How We Implement Streaming

Users hate waiting. Streaming shows AI responses as they're generated, making interactions feel instant. This guide covers the principles behind effective streaming.

Core principle: Show progress immediately. Users should never stare at a blank screen.

Why Streaming Matters

Without Streaming	With Streaming
Wait 10 seconds for full response	See first words in 100ms
No idea if it's working	Visible progress
Feels slow even if fast	Feels instant even if same duration

The psychological impact is significant: users perceive streamed responses as faster even when total time is identical.

Streaming Technologies

Server-Sent Events (SSE)

One-way stream from server to client. Our default choice for LLM responses.

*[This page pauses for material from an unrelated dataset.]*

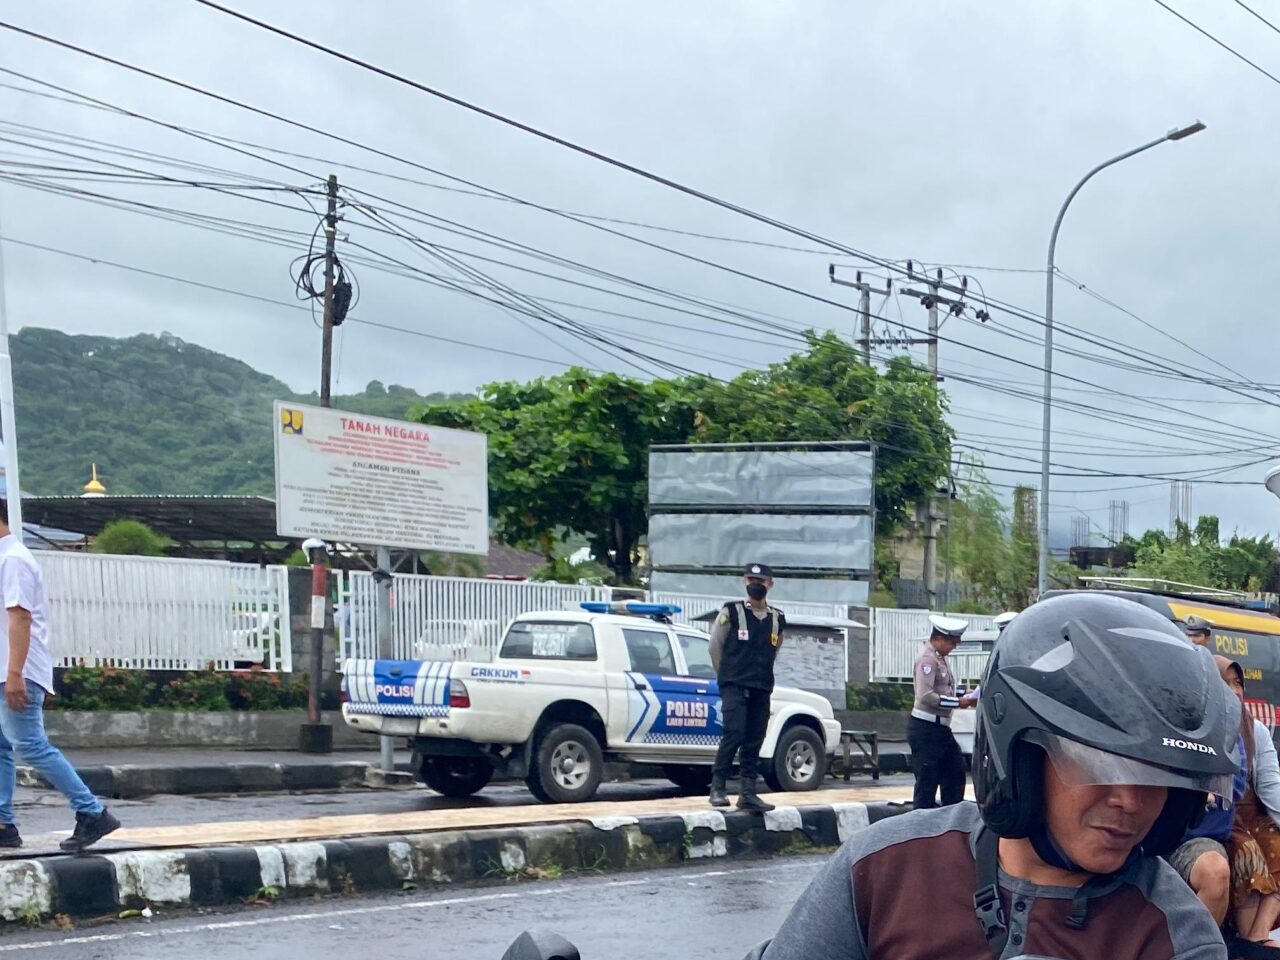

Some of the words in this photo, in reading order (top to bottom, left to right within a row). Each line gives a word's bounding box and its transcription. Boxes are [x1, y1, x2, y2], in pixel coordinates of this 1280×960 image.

Pros: Simple, built into browsers, reconnects automatically, works through most proxies

Cons: Server to client only, limited to text data

WebSockets

Two-way real-time communication.

Pros: Bidirectional, supports binary data, lower latency for back-and-forth

Cons: More complex to implement, requires manual reconnection logic

Choosing Between Them

Use Case	Recommended	Why
LLM response streaming	SSE	One-way is sufficient, simpler
Chat with typing indicators	WebSocket	Need bidirectional updates
Progress updates	SSE	Server pushing to client
Real-time collaboration	WebSocket	Multiple parties sending data
File upload progress	WebSocket	Client sending, server acknowledging

Rule of thumb: If only the server needs to push data, use SSE. If both sides need to send data in real-time, use WebSocket.

SSE Design Principles

Message Format

SSE uses a simple text-based format. Each message has:

A data: prefix
JSON payload (for structured data)
Double newline to separate messages
A completion signal (we use [DONE])

Event Types for Agents

When agents use tools, communicate different event types:

Event Type	Purpose	What to Show
`text`	Streamed content	Append to response
`tool_start`	Tool execution beginning	"Searching..." indicator
`tool_end`	Tool execution complete	Hide indicator, maybe show result
`error`	Something went wrong	Error message
`done`	Stream complete	Remove streaming indicator

Headers

Three headers are essential for SSE:

Content-Type: text/event-stream — tells the browser it's SSE
Cache-Control: no-cache — prevents caching of the stream
Connection: keep-alive — keeps the connection open

Handling Edge Cases

Connection Drops

Connections will drop. Plan for it.

With EventSource API: Reconnection is automatic. The browser handles it.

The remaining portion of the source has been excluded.